## WHAT THE EXERCISE ASKS:
Write out the data word for word and drop any picture you find.

* * * * *

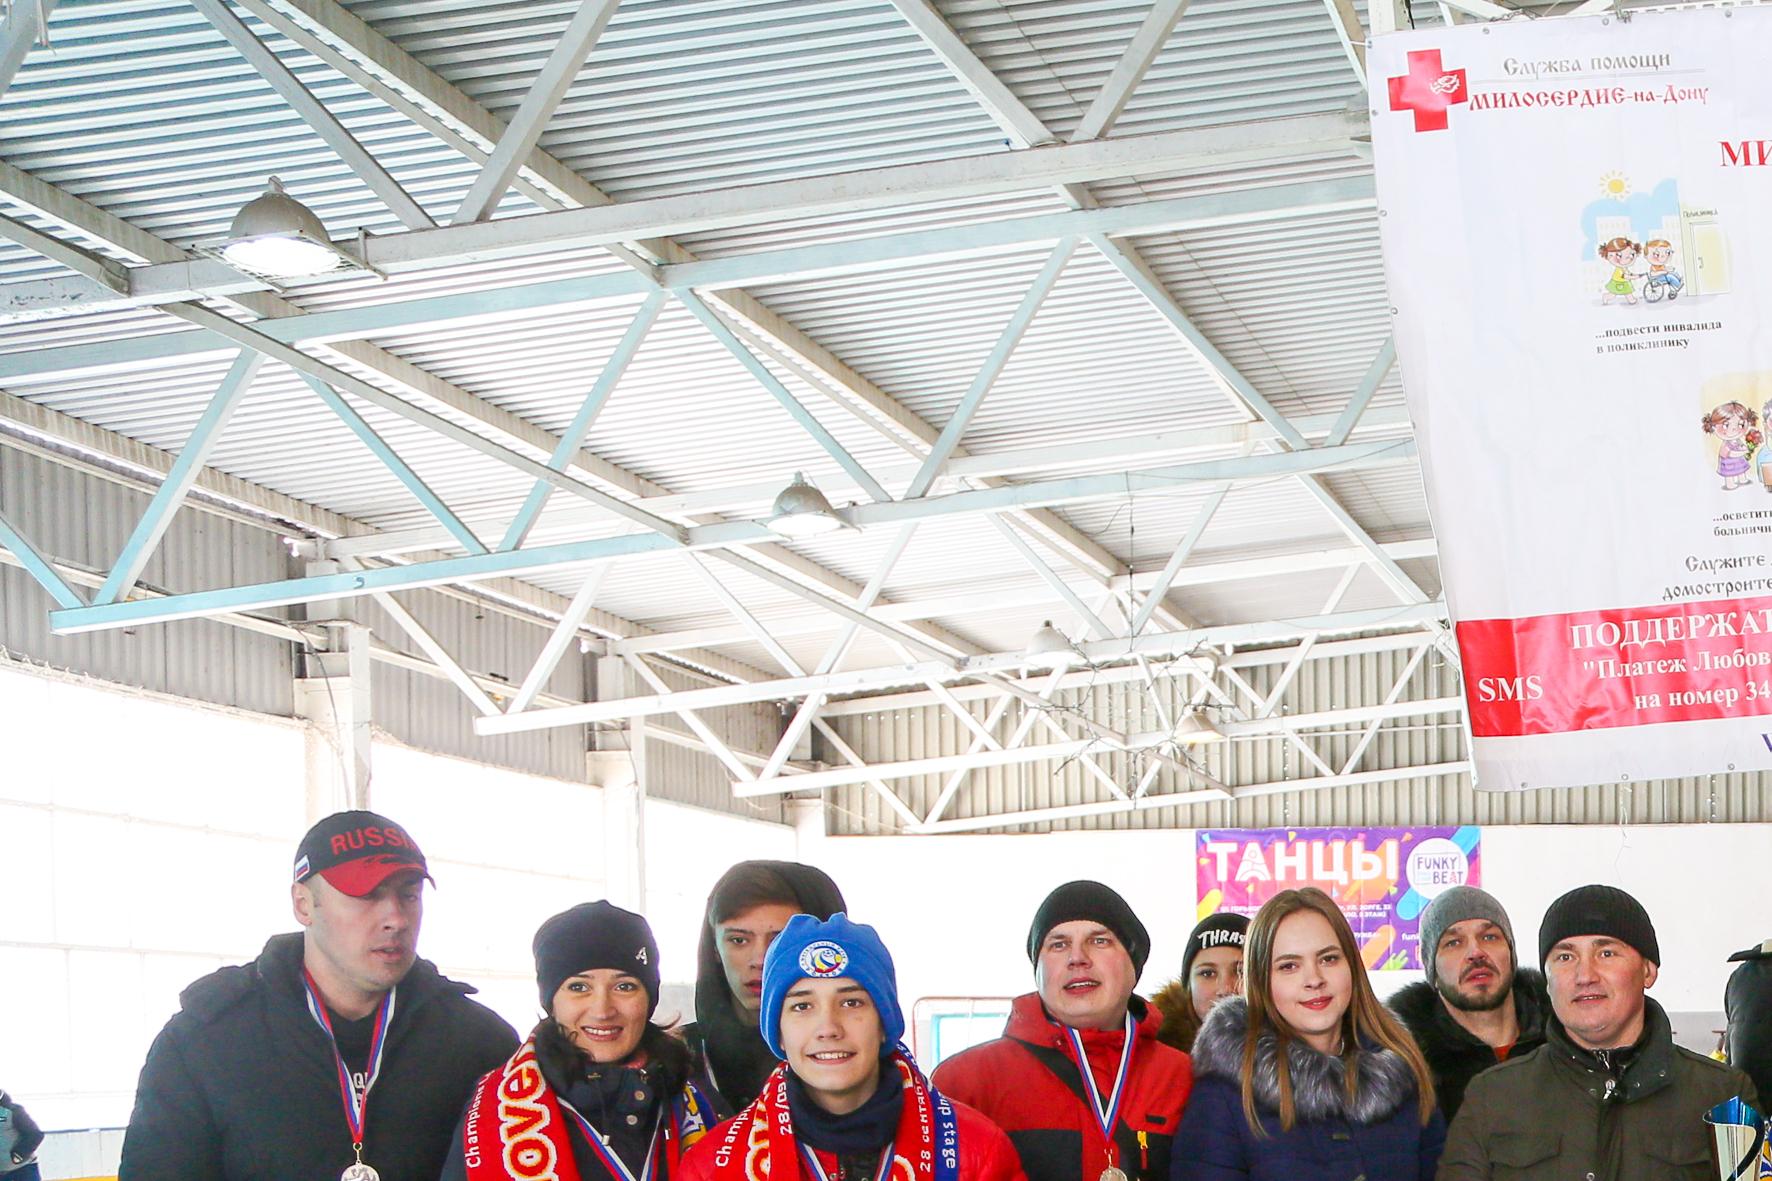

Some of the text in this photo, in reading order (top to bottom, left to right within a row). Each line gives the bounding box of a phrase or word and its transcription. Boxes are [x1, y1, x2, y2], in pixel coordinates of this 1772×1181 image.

[1595, 319, 1722, 339] ...подвести инвалида
[1596, 338, 1690, 354] в поликлинику
[1478, 674, 1545, 703] SMS
[1635, 692, 1662, 710] на
[1668, 684, 1739, 708] номер
[1206, 840, 1400, 885] ТАНЦЫ
[1417, 856, 1458, 870] FUNKY
[1433, 871, 1464, 885] BEAT
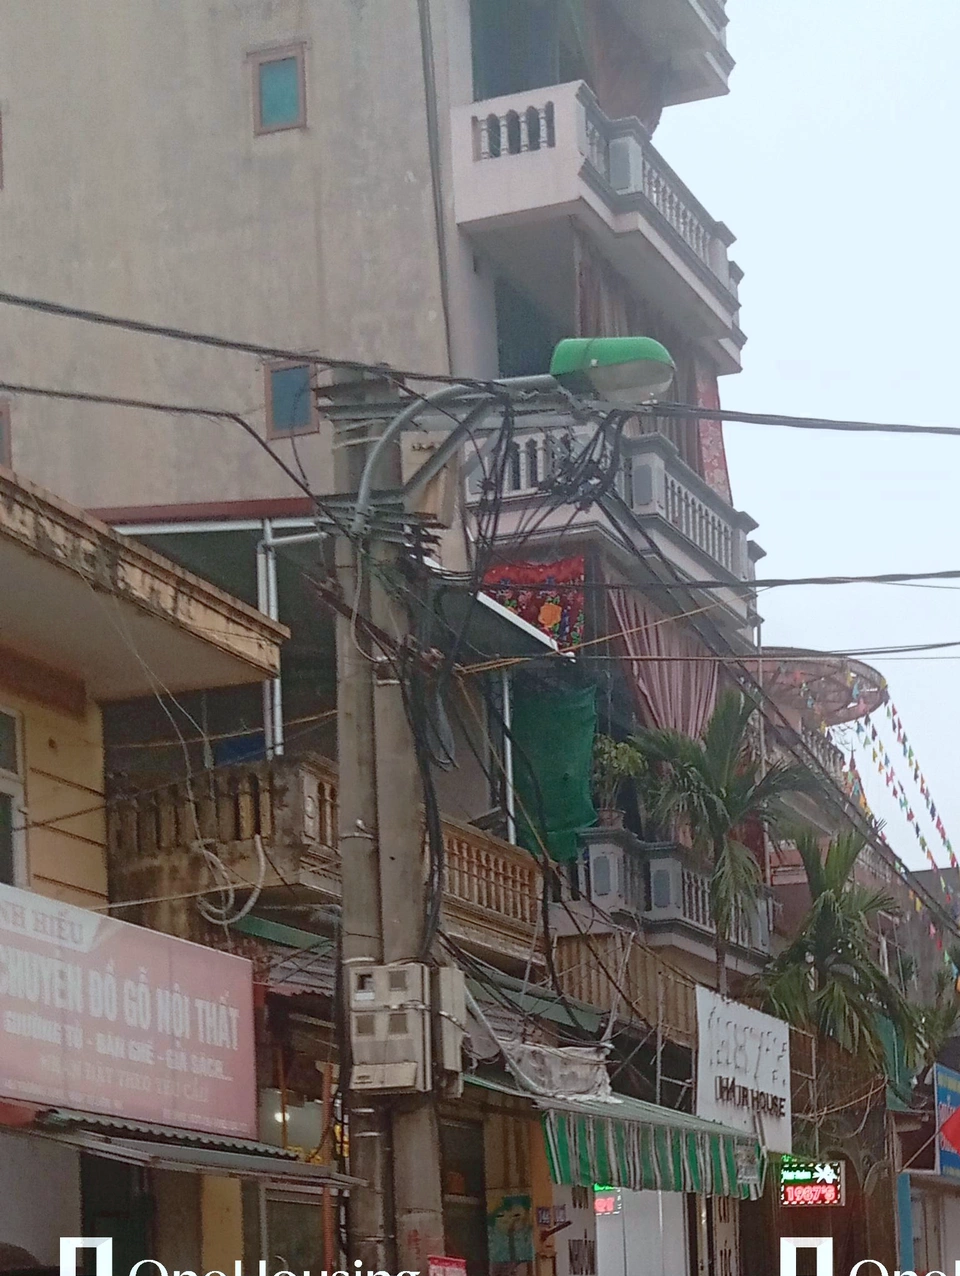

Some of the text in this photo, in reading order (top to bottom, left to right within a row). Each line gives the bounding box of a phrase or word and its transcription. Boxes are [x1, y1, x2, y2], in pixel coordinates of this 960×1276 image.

[89, 959, 118, 1022] ĐỒ
[124, 968, 152, 1030] GỖ
[157, 984, 190, 1048] NỘI
[195, 990, 240, 1050] THẤT
[750, 1089, 786, 1117] HOUSE

* * * * *

## RESPONSE AREA:
Some of the text in this photo, in reading order (top to bottom, left to right within a row). Each line gives the bounding box of a phrase or word and its transcription. Boxes are [x1, y1, x2, y2], in pixel coordinates of this 1772×1181 image.

[1595, 319, 1722, 339] ...подвести инвалида
[1596, 338, 1690, 354] в поликлинику
[1478, 674, 1545, 703] SMS
[1635, 692, 1662, 710] на
[1668, 684, 1739, 708] номер
[1206, 840, 1400, 885] ТАНЦЫ
[1417, 856, 1458, 870] FUNKY
[1433, 871, 1464, 885] BEAT

Some of the text in this photo, in reading order (top to bottom, left to right within a row). Each line gives the bounding box of a phrase or word and its transcription. Boxes are [x1, y1, x2, y2], in pixel coordinates of this 960×1276 image.

[89, 959, 118, 1022] ĐỒ
[124, 968, 152, 1030] GỖ
[157, 984, 190, 1048] NỘI
[195, 990, 240, 1050] THẤT
[750, 1089, 786, 1117] HOUSE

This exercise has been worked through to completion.